EFELas Palmas de Gran Canaria

Un estudio realizado con medusas recogidas en la playa de Las Canteras, en Las Palmas de Gran Canaria, ha constatado que casi todas (veintinueve de treinta) tenían basura de origen humano en sus tentáculos o dentro de su cavidad gástrica y que la mitad había ingerido microplásticos.

Se trata de la primera vez que se documenta -y se fotografía- en el Atlántico Norte que las medusas están comiendo plástico, lo que supone, además, un motivo de preocupación porque demuestra que este tipo basura ya está entrando en la cadena trófica de los océanos.

Según informa hoy la Universidad de Las Palmas de Gran Canaria (ULPGC), investigadores de su instituto EcoAqua han publicado en la revista "Marine Pollution Bulletin" los resultados de un trabajo realizado en una de las últimas llegadas masivas de medusas de la especie "Pelagia noctiluca" a las costas del archipiélago, durante el verano de 2019.

Para el estudio se recogieron treinta ejemplares en la playa de Las Canteras y se analizaron por separado los microplásticos en su interior (cavidad gastrovascular) y los presentes en los tentáculos.

En veintinueve de las treinta medusas estudiadas se descubrió algún tipo de basura marina generada por el ser humano: un gran porcentaje eran fibras de algodón, pero también se encontraron fragmentos de plástico y restos de redes de pesca.

El 53 % presentó microplásticos en la cavidad gastrovascular, dato que confirma su ingestión por parte de estos organismos.

La ULPGC recuerda que las medusas son "un componente esencial" de los ecosistemas marinos, por lo que pueden ser "un importante vector para la entrada de microplásticos a la cadena trófica marina", ya que son las principales presas de muchos animales.

Los responsables del trabajo citan, a modo de ejemplo, que una tortuga laúd (Dermochelys coriacea) puede llegar a ingerir diariamente un 73 % de su peso de medusas.

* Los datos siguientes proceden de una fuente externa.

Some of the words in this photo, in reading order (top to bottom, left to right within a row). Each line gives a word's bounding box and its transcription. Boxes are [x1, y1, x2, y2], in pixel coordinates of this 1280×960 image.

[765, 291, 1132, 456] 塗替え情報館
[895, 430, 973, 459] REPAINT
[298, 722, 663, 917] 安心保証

"Este estudio evidencia que los plásticos ya se han incorporado a la cadena alimentaria y que representan un riesgo para la salud no solo de las propias medusas, sino de los eslabones superiores como tortugas, peces, aves y mamíferos marinos", advierte la ULPGC.

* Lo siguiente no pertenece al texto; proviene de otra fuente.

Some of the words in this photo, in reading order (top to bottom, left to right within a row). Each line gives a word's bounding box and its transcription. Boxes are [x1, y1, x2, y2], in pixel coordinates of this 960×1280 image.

La asociación Latitud Azul, que también ha participado en la investigación, sostiene que es "urgente tomar conciencia respecto a esta problemática que causa miles de muertes de animales marinos al año, algunos de ellos en peligro de extinción".

Además, el uso masivo de guantes y mascarillas por la pandemia de covid-19 puede haber agravado esta situación, por la presencia de más basura en el medio.

Por ello, los autores del informe llaman a hacer una utilización racional del plástico, así como de guantes y mascarillas, y siempre que sea posible optar por las alternativas reutilizables.

"A pesar de su aparente fragilidad y su sencilla anatomía, las medusas han habitado en la Tierra por más de 500 millones de años y han sobrevivido a las grandes extinciones masivas, por lo que resulta paradójico que ahora sufran el impacto de la contaminación generada por unos recién llegados que llevan apenas unos 200.000 años sobre la faz de la Tierra", subraya la ULPGC.